For many people in America, a secure and stable source of animal protein is assumed as a given. However even a cursory glance at the world around us reveals very brittle transportation infrastructure that delivers a steak from the factory farms to our dinner tables. As the broader economy of this country continues to unravel, it is certainly within the realm of possibility that these transportation links may be disrupted due to a host of reasons. Thus, the prepared citizen should have a local, easily accessible, and cost effective supplement to fall back upon.Enter....the common American Garden Snail, your own low-maintenance food animal.

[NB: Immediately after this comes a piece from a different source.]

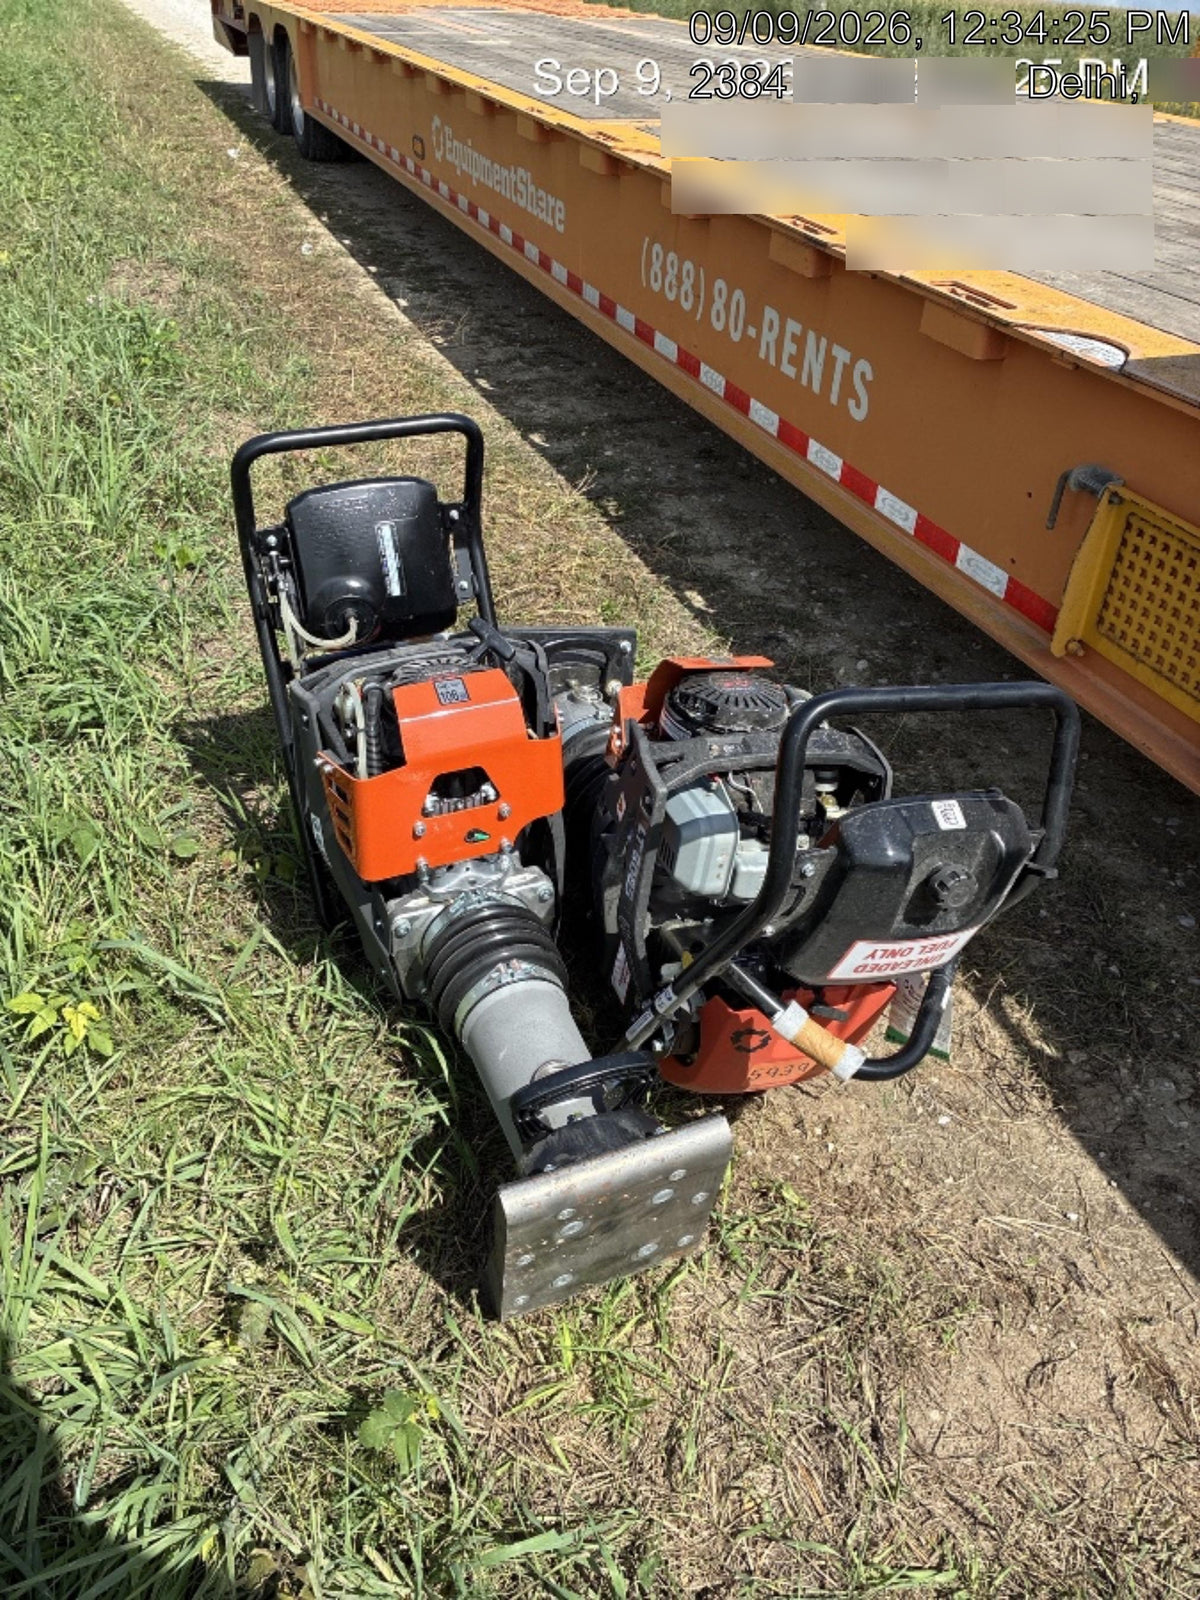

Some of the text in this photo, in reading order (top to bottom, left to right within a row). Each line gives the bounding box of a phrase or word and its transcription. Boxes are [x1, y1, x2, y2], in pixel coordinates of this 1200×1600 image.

[443, 125, 566, 234] EquipmentShare
[863, 936, 961, 961] FUEL ONLY
[852, 952, 946, 974] UNLEADED

Garden Snails can be a valuable source of wild protein, but getting them from the field into the dinner plate is no easy task. While garden snails roam throughout the Eastern U.S and in large parts of the West Coast, some common sense techniques would be required to make sure that this food is safe to consume. For me the following steps seems to work pretty well:

#1 Capturing the Snails

First, create a few areas of shade and dampness in the backyard. This can be done using cinder blocks, or piles of leafs/twigs and other organic debris. After a rainy night, turn over the pile and you'll find scores of snails hidden underneath. These animals are quite beautiful to look at. Their translucent shells spans the gamut of natural colors...from dull brown to spiral green and everything in between. An average snail hunt after a Spring rain storm might end up with anywhere from a handful to a couple of hundred snails.

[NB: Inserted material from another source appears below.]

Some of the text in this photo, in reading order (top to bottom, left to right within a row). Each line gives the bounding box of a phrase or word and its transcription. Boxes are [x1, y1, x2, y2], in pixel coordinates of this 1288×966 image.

#2 Snail Housing and Sanitation

Once the Snails are caught, proceed to place them into large clean glass jars with about a quarter inch of fresh tap water at the bottom. I prefer Mason Jars for this task. Make sure to leave plenty of air holes on the jar caps so that the Snails can breath. Place between 20-40 snails per jar depending on jar size. Once a day, the snails should be removed from each jar and gently washed with cold water, the jars themselves should also be washed to clean out any snail poop and food scraps. Any dead snails should be removed immediately, this prevents the remaining snails from getting sick. The Jars should be placed in a dark area, like a closet, or under some table cloth, or anywhere that is sufficiently dark for the snails to feel comfortable and begin feeding.

#3 Feeding the Herd

Kitchen Vegetable clippings should be dropped into each mason jar to feed the snails. Rotten Greens, apple cores, carrot and/or potato skins all work very well. Use common sense to judge how much to feed them. The cycle of feeding and jar cleaning should proceed for a minimum of 1 week and possibly up to 2 weeks.

#4 Harvesting the Herd

Initially after the capture, the snails will excrete black and/or brown excrement. As you put them under a regimen of daily washing and a diet of kitchen scraps, the snails will receive a cleansing purge of their stomachs, and their excrement will gradually become clearer and take on the color of the food that you feed them. Greens should result in clear or translucent green excrement, carrot skins should result in translucent orange excrement. It is important to not harvest the snails until this happens, it usually takes around a week for this purging to be complete, but some batches may require up to 2 weeks. When it's ready, proceed to harvest all the snails in the mason jar(s) and dump them all into a kettle of boiling water.

#5 Preparing the meat

Wild Snails should be cooked in boiling water(with salt added) for minimum 20 minutes to make certain that all parasites are killed. After this step, the snail meat can be safely used for food. It has a mild creamy texture that is highly reminiscent of shellfish. There is a wide variety of delectable food dishes that can be made with snail meat. My personal favorites are Escargot stuffed mushrooms and Escargot Garlic Sauce with Pasta.

#6 (Optionally) Domesticating the Herd

A few friends of mine prefer to keep a small number of wild snails and domesticate them. I've never tried this myself but from what I heard, it could be done using very little space and essentially their feed is our kitchen waste.

So there you have it, a plentiful, wild source of meat that anyone can catch and prepare for themselves in times of emergency.